The Right To Die: Ethics and the Law Speech   

Pat Anderson

May 18, 1991

DePaul University

Law & Values-Spring 91                            

Midterm Exam                                            

Speech – Self Evaluation

WW-7 Competence

Introduction

Hi, I’m Pat Anderson, I’m going to talk to you about the right to die; I am very prejudiced about this issue. I am intimately involved in the issues of patient rights as a part of my daily work as an intensive care nurse.

Archie …

Now, try to picture Archie Bunker sitting in his favorite chair watching the ball game on TV; it’s Sunday afternoon, and there is a beer sitting next to him and a pizza in his lap. Edith comes in the door after volunteering at the local nursing home. She brings a dining room chair next to Archie and tries to discuss whether or not he wants to be on a respirator or have a feeding tube if he gets really sick. Can you feel him cringe inside? Can’t you imagine what Archie would say? “Je …sus, … Edith …

Well, Archie isn’t the only one who doesn’t want to face these issues. The legal and medical professions are full of Archie Bunkers on this subject. We act as if death were optional. Ours is a death-denying society.

The Laws …

Our right to die is protected by the First Amendment freedom of religion, the Fourth Amendment through the right to privacy, and the Fourteenth Amendment through the equal protection clause.

However, the legal system, and its lawyers, cannot escape the fact that before they are lawyers, they are human. They too deny death and would like to avoid thinking about it. The conflicting precedence that has been established within the judicial system illustrates this very humanness. I will use some cases to show what I mean:

In Lane vs. Candura, a confused 77-year-old widow was allowed to refuse amputation, despite having a distorted sense of time, a thought pattern that wandered and was at times, even combative. The appeals court found that she understood the consequence of refusing. She did not choose to live as an invalid or in a nursing home and did not fear death, but actually welcomed it since the death of her husband. The court did not find it had a compelling interest in dictating her quality or length of life. Courts in Arizona, CA, Florida, Maine, Massachusetts, and Rhode Island have come to the same decisions in similar cases.

This case illustrates that even a patient that is not totally medically competent CAN be seen as LEGALLY competent as long as she understands that without treatment she will die.

On the other hand, a woman who was a Jehovah’s Witness was forced to receive a blood transfusion after suffering a bleeding ulcer. Because she had children the court said the state had an interest in keeping her alive. She was a competent adult and knew there was a possibility that she would die without the blood. What kind of logic allows one person to refuse amputation (who is confused) but not allow a competent person to refuse a blood transfusion?

Suspect Classifications …

Aren’t we, by the conflicting nature of these cases, setting up suspect classifications.  What would have happened if Mrs. Candura were 21, would the courts have found differently, would her age have changed state’s interest in preserving her life – thus setting up an age class? Will we someday mandate that people under, oh say 65, must use whatever technology is around at the time? Is the right to die doled out according to age?

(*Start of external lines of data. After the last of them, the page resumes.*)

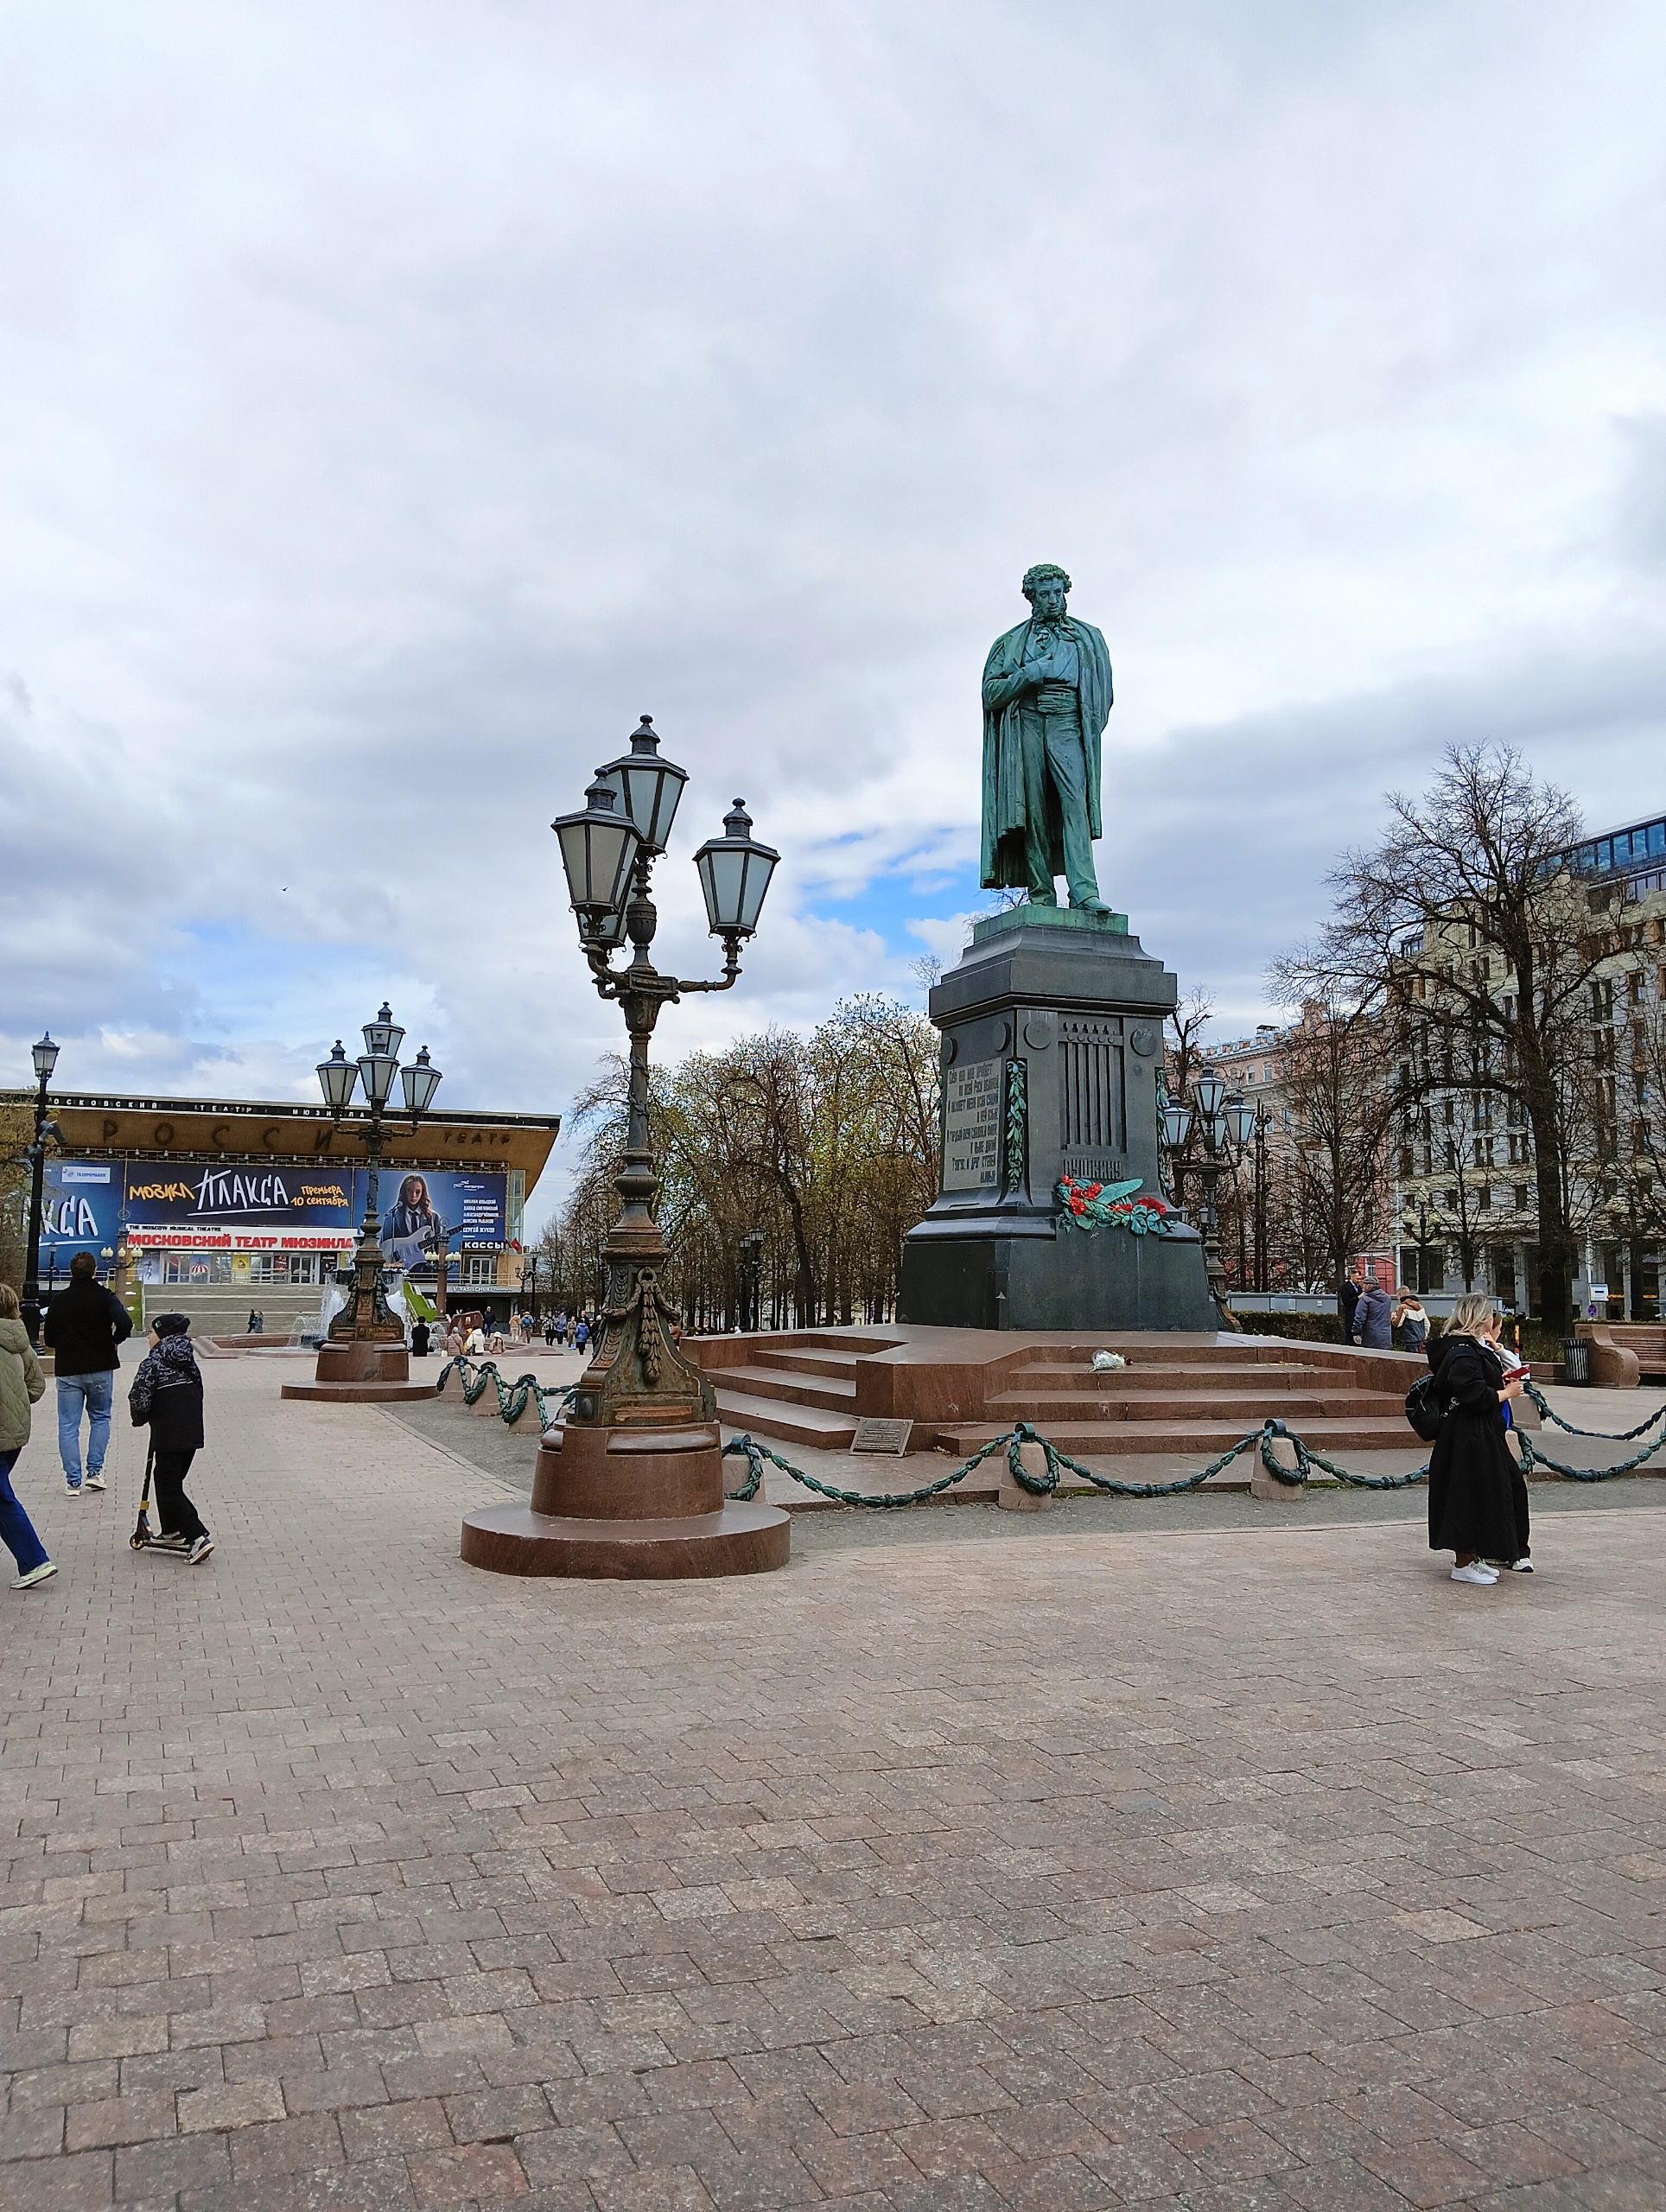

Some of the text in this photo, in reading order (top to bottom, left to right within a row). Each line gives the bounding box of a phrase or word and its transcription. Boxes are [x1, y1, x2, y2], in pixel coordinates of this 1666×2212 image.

[49, 1097, 366, 1119] ОСКОВСКИЙ ТЕАТР МЮЗИЛА
[102, 1119, 334, 1153] РОССИ
[444, 1131, 511, 1145] ТЕАТР
[190, 1168, 289, 1210] ПЛАКСА
[290, 1196, 304, 1207] 10
[128, 1233, 354, 1249] МОСКОВСКИЙ ТЕАТР МЮЗИКЛА
[464, 1241, 505, 1249] кассы
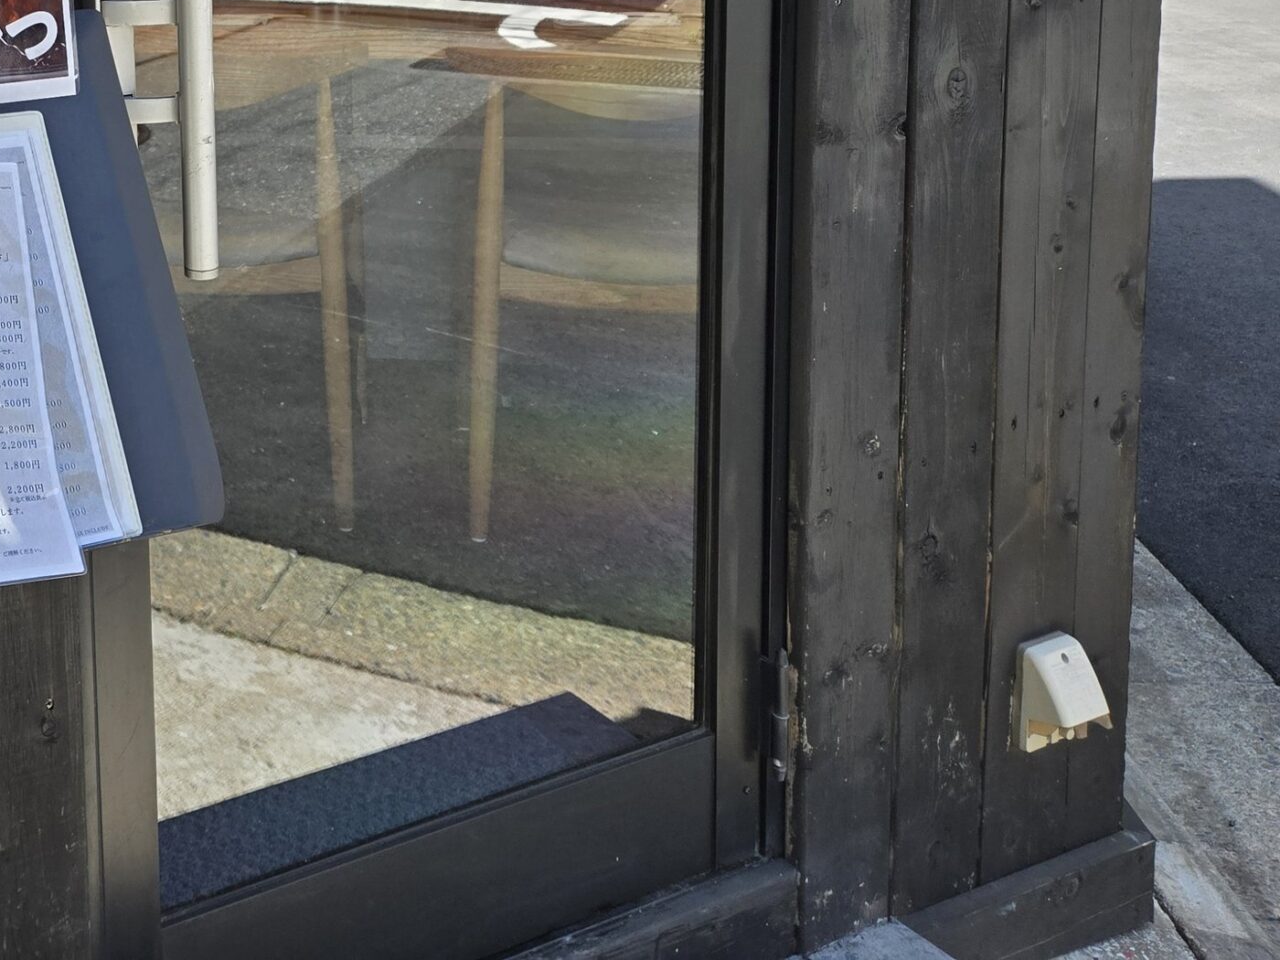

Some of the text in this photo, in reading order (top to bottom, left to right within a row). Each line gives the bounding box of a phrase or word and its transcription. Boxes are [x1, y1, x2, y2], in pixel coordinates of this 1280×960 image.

Can the courts reasonably say that all parents must use all available technology simply because they are parents? Will the courts eventually mandate that all parents must take all chemotherapy, radiation etc that could be prescribed – till oh say their children are out of college? Who sets up the limits of this doling out of rights? 

Another question is whether I, not being a Jehovah’s Witness, could refuse a blood transfusion because I feared Aids or Hepatitis? And would the courts have allowed Mrs. Candura to refuse a blood or the amputation (you may need blood during an amputation) if she were a Jehovah’s Witness?

As a nurse, I am aware that there are options and several different ways to treat a specific illness; I have refused treatments knowing that there are alternative methods to deal with the problem. But many patients don’t know about options – doctors don’t always give patients options, so will the courts give doctors “God reinforcement” by mandating that certain types of people must follow their doctor’s advise – even though 3 different doctors might prescribe 3 different treatments for the same problem?  The actual laws do not mandate any classifications.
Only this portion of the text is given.